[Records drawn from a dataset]
◆ ◆ ◆
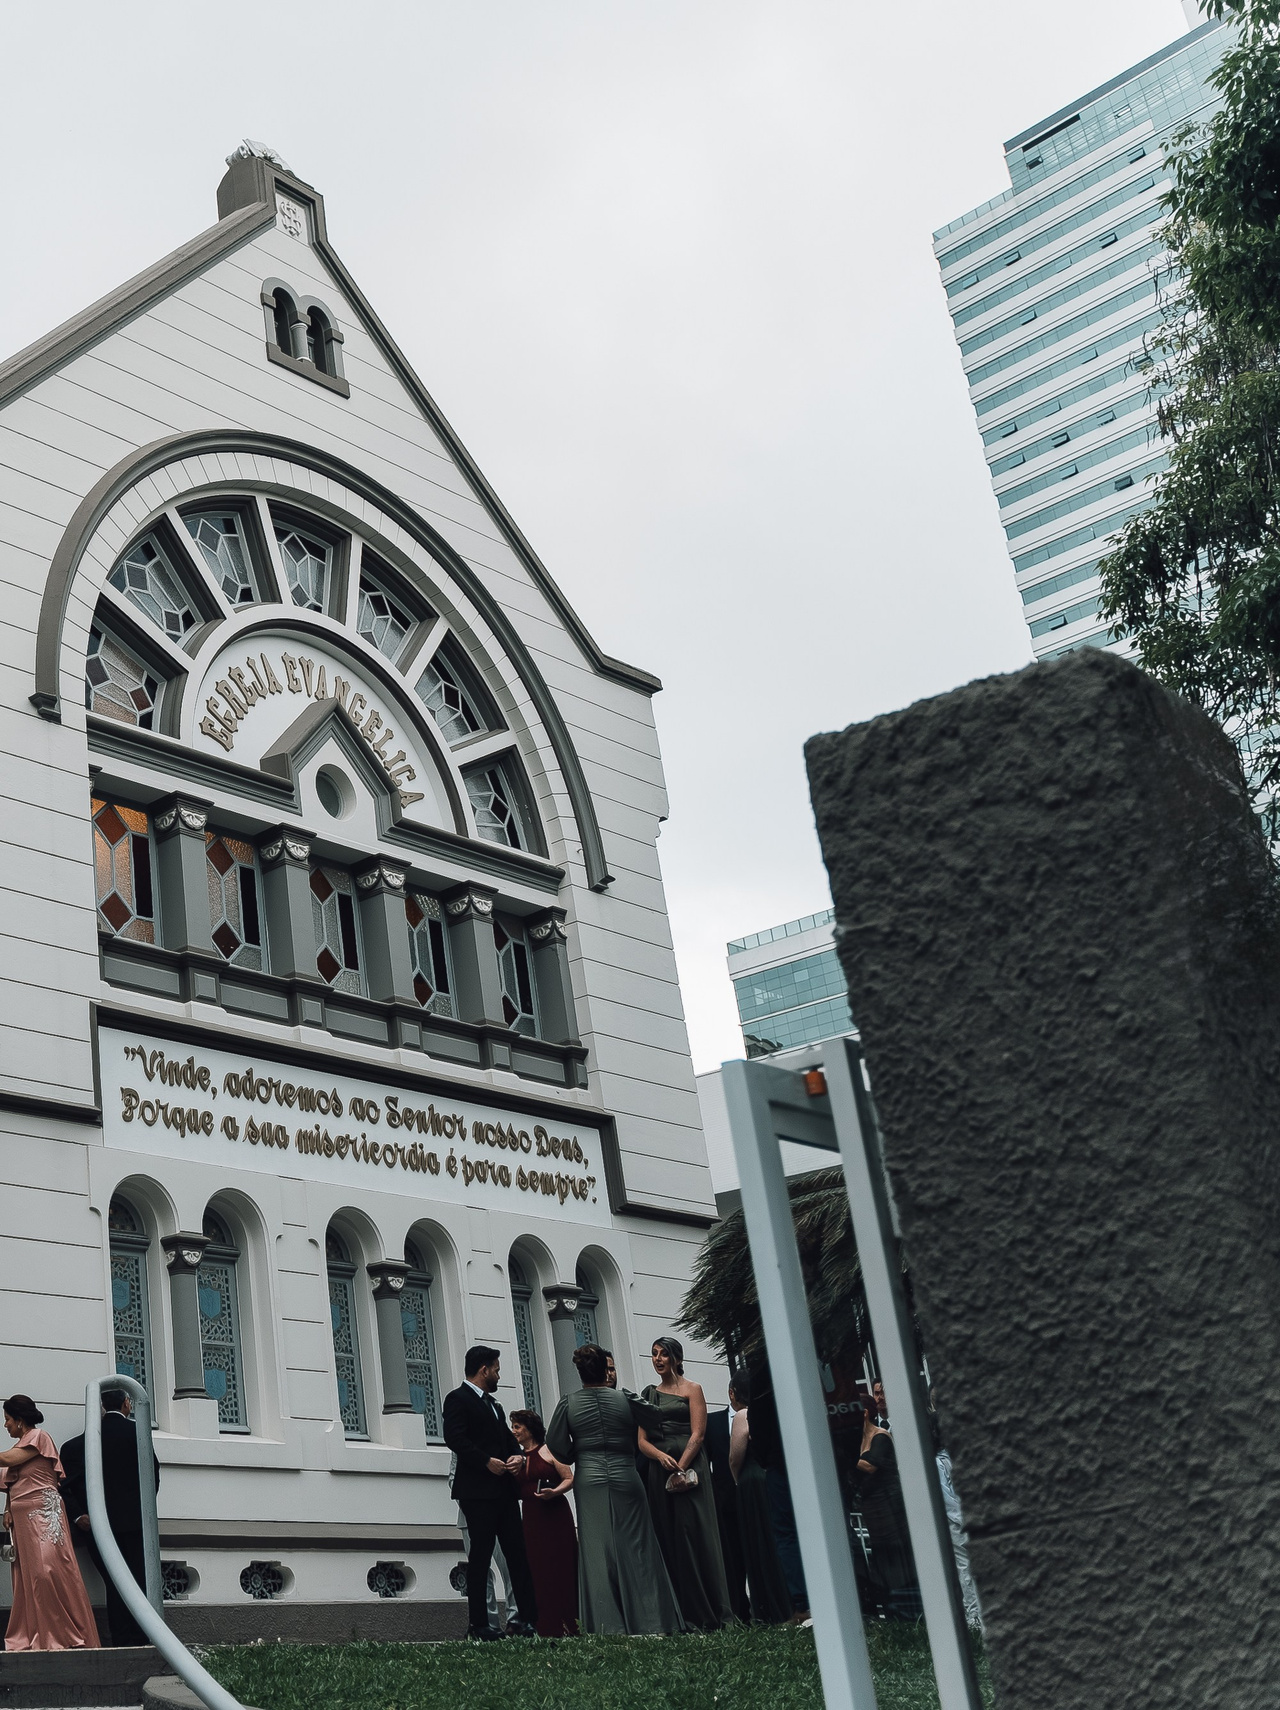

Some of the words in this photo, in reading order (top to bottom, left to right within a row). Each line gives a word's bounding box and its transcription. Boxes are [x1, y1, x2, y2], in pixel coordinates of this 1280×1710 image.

[281, 652, 425, 808] EVANGELICA
[120, 1086, 215, 1139] Porque
[220, 1115, 240, 1142] a
[242, 1114, 290, 1150] sua
[294, 1123, 441, 1176] misericordia
[445, 1147, 458, 1179] é
[460, 1154, 512, 1187] para
[223, 1067, 344, 1118] adoremos
[349, 1096, 381, 1125] ao
[384, 1095, 468, 1142] Senhor
[472, 1120, 532, 1154] nosso
[533, 1124, 589, 1170] Deus,
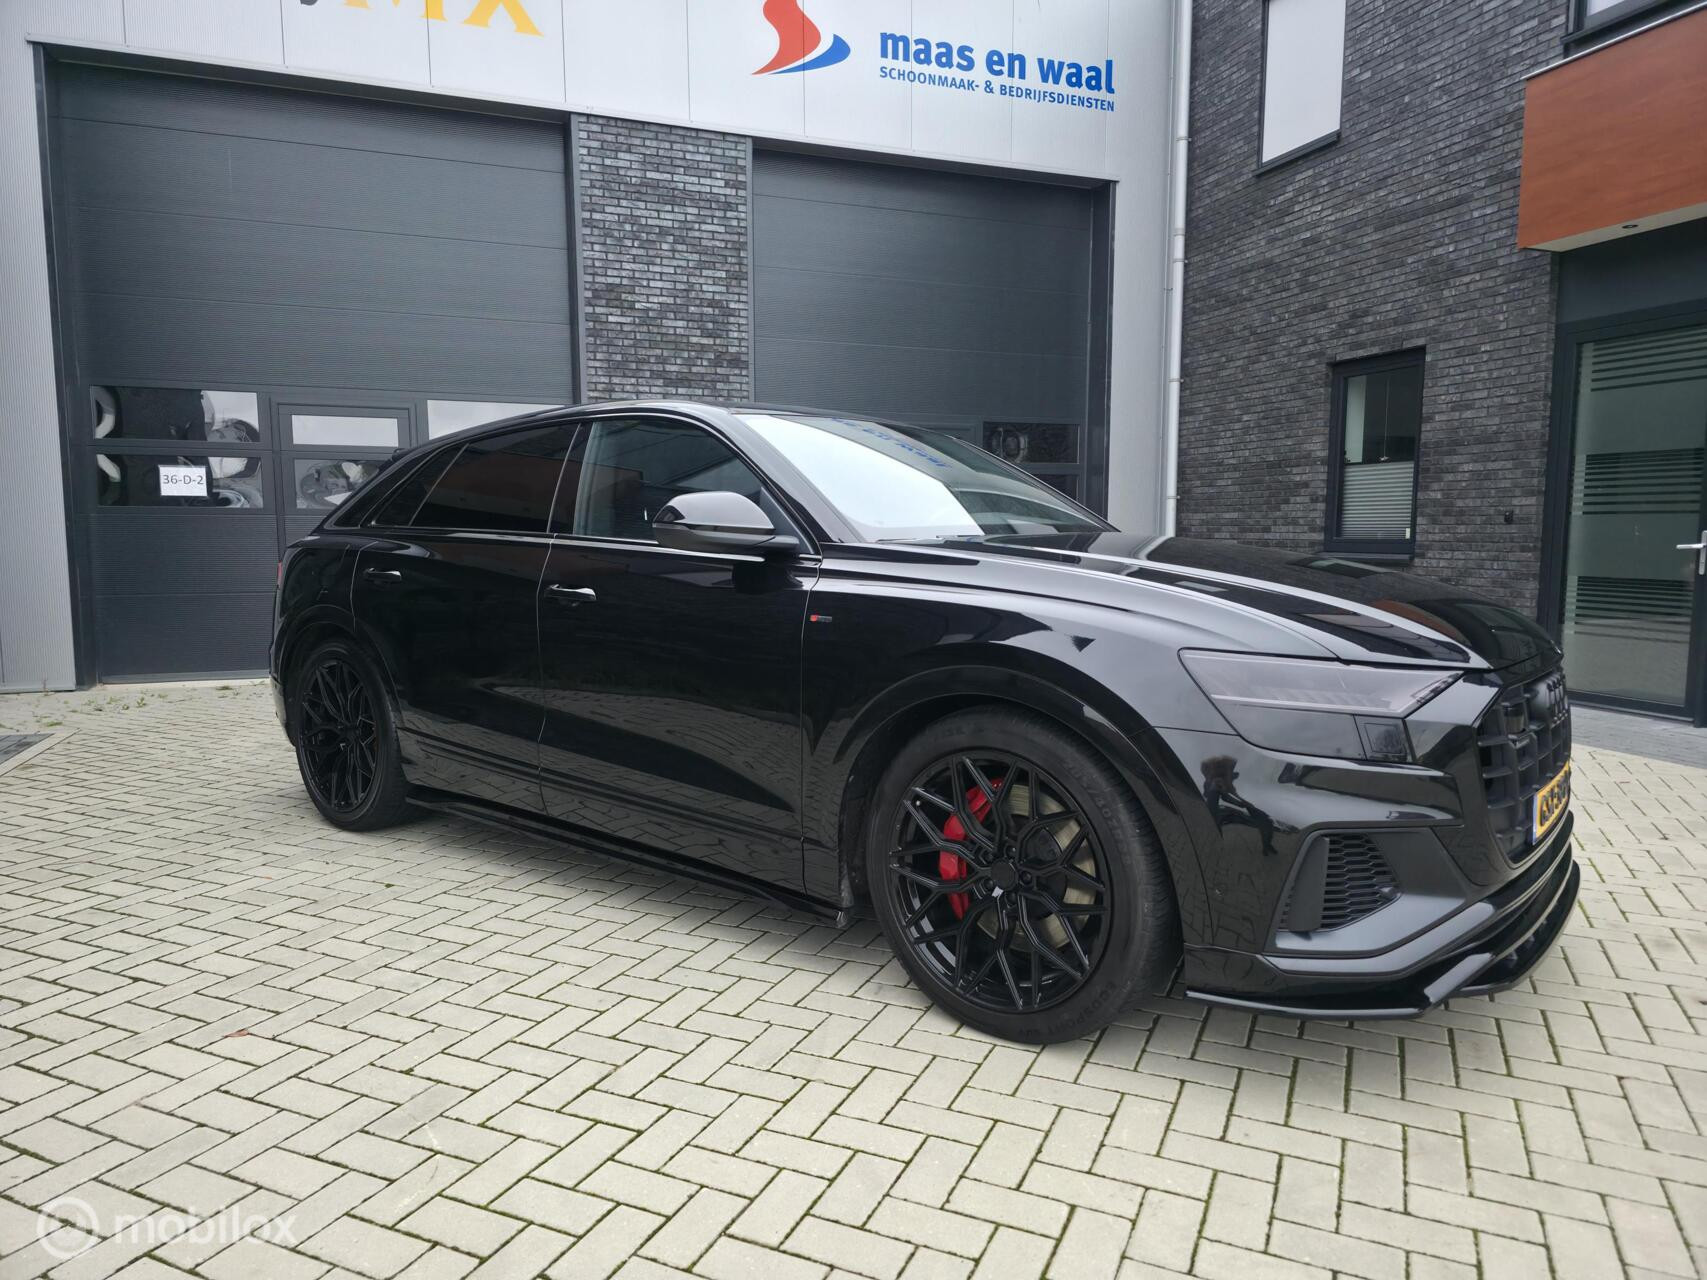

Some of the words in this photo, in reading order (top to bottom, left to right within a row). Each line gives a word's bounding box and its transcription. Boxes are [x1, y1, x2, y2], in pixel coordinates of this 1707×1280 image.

[879, 32, 976, 72] maas
[985, 50, 1027, 81] en
[1037, 59, 1116, 95] waal
[879, 66, 980, 93] SCHOONMAAK-
[983, 80, 995, 95] &
[999, 84, 1115, 112] BEDRIJFSDIENSTEN
[162, 474, 204, 485] 36-D-2
◆ ◆ ◆
Problem requirements:
This exercise calls for the line containing "this 1707×1280 image." and each line after it in the records, copied exactly.

Reply:
Some of the words in this photo, in reading order (top to bottom, left to right within a row). Each line gives a word's bounding box and its transcription. Boxes are [x1, y1, x2, y2], in pixel coordinates of this 1707×1280 image.

[879, 32, 976, 72] maas
[985, 50, 1027, 81] en
[1037, 59, 1116, 95] waal
[879, 66, 980, 93] SCHOONMAAK-
[983, 80, 995, 95] &
[999, 84, 1115, 112] BEDRIJFSDIENSTEN
[162, 474, 204, 485] 36-D-2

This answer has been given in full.